I’m sure I will say the same thing for the other parts, but Fire Emblem Fates: Birthright is an incredible game to play. The gameplay is absolutely spot-on. You move your units across a grid-battlefield in order to successfully complete objectives. Each chapter has a specific objective, but unfortunately Birthright stumbles in this category, which I’ll discuss later on. The gameplay is where it’s at though. The legendary weapon triangle has returned although it’s slightly changed now. Swords and Magic have an advantage over Axes and Bows. Axes and Bows have an advantage over Lances and Hidden Weapons. Lances and Hidden Weapons have an advantage over Swords and Magic. To make things ultra-simple the triangle is also color-based, red has the advantage over green, green over blue, and blue over red.

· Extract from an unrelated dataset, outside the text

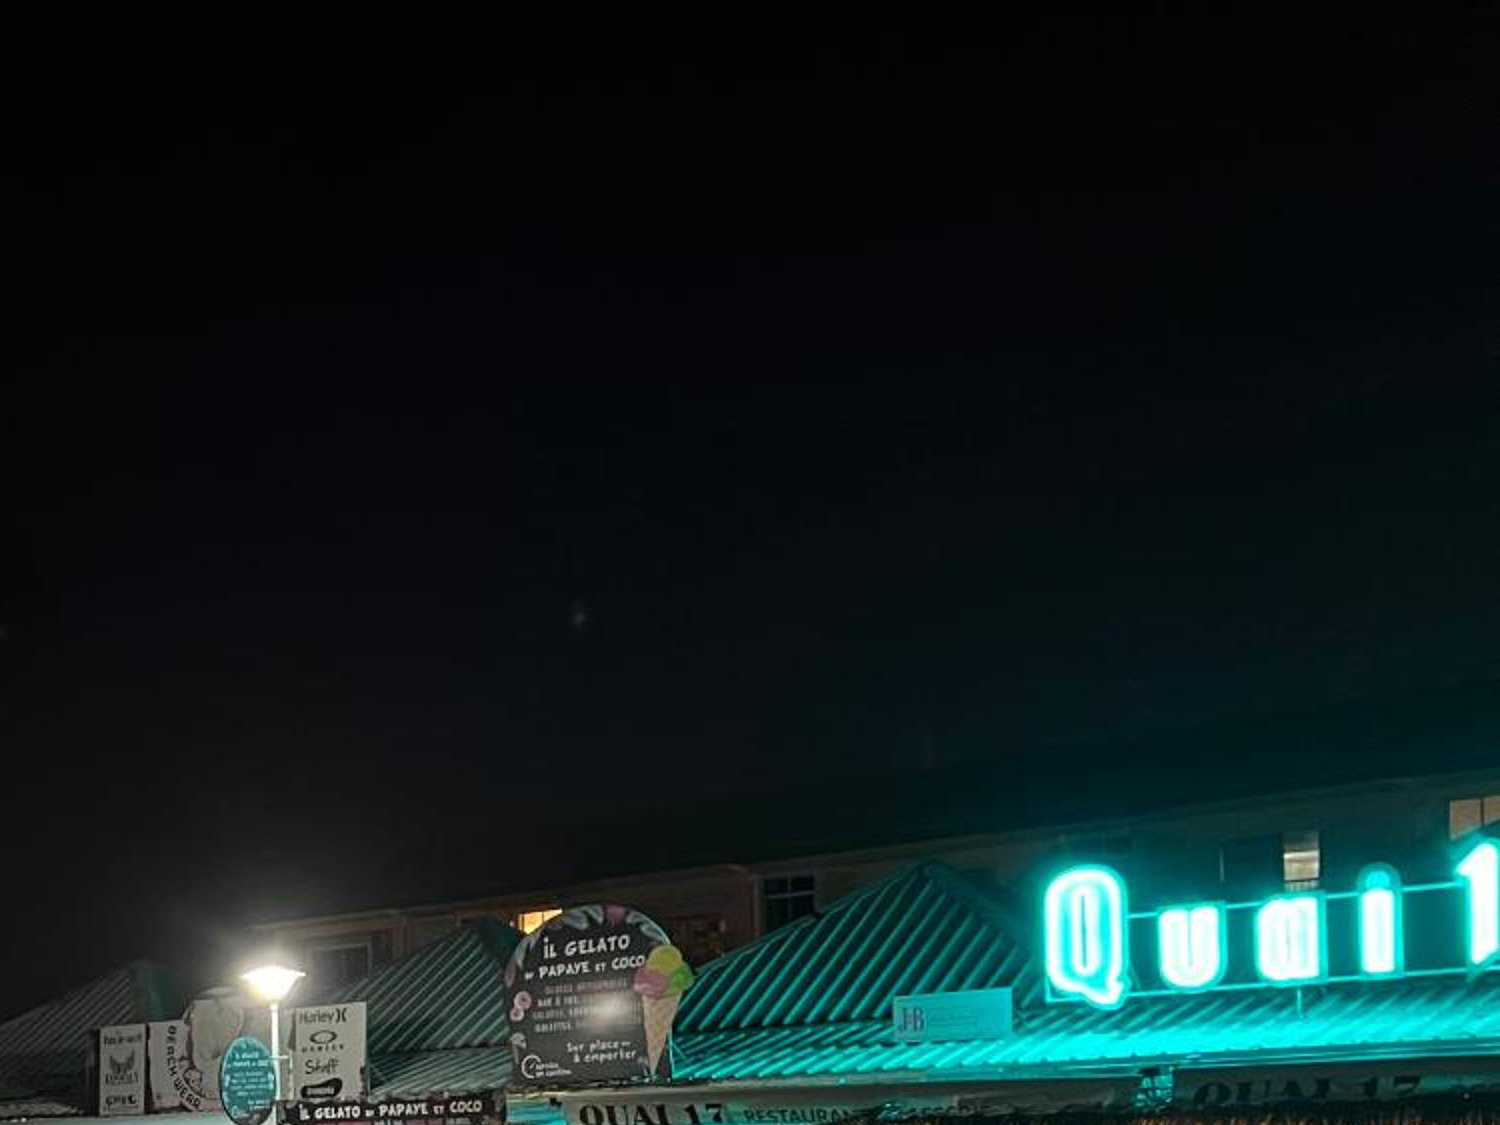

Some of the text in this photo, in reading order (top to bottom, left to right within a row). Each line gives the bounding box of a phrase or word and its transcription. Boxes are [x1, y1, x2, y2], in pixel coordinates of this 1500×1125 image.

As you level your units up, not only do they become more powerful, but they also learn skills such as counter attack. Each unit can hold a maximum of six skills. It’s also possible to change classes, of which there are many, if you happen to locate a specific class-changing item. Classes can also be advanced to a stronger class, for example a ninja can become a master ninja, and so on. The support system, first introduced in Fire Emblem: Binding Blade, which was unfortunately never released outside Japan, and is on the Game Boy Advance. Character build bonds based on whether they fight side-by-side with one another. Characters that form strong support for one another can use special items in order to change classes that reflect this bond. That’s nothing to mention the stronger characters support one another, the better they fight alongside each other. Then there’s the weapon system, which can change a very weak character into a powerhouse if they increase their weapon rank from E to S. There’s so much depth here it’s just incredible.

FE1The Good:

  • I really enjoyed the storyline in Birthright, and I can’t wait to jump back into the other two game and see all the differences. You play as Corrin, either a male or female, who lives in Nohr with her loving family. Her father, an absolute monster of a man, is hell-bent on the destruction of Hoshido, the neighboring kingdom. I really don’t want to spoil any of the storyline, but needless to say things are not as they appear, and after the sixth chapter the player has to make a very important choice, and this is ultimately what separates the three different versions of Fire Emblem Fates. Players have to decide if they stay with their family in Nohr, defend Hoshido, or decide to veer off on their own. If you purchase Birthright on its own, your choice is made for you, you will defend Hoshido, if you purchase Conquest, you’ll side with Nohr, and if you purchased the Special Edition and play Revelation, you will decide to stand on your own. Revelation is available as a downloadable game from the Nintendo eShop for those who weren’t lucky enough to snag the Special Edition. Whichever game you decide to pick, the story unfolds based on the choice you made during this pivotal moment.
  • The 3DS, much like the DS before it, is perfectly well suited for this genre. The bottom screen displays your projected battle outcomes and percentages of achieving a critical strike, as well as displaying the map and the location of all the units.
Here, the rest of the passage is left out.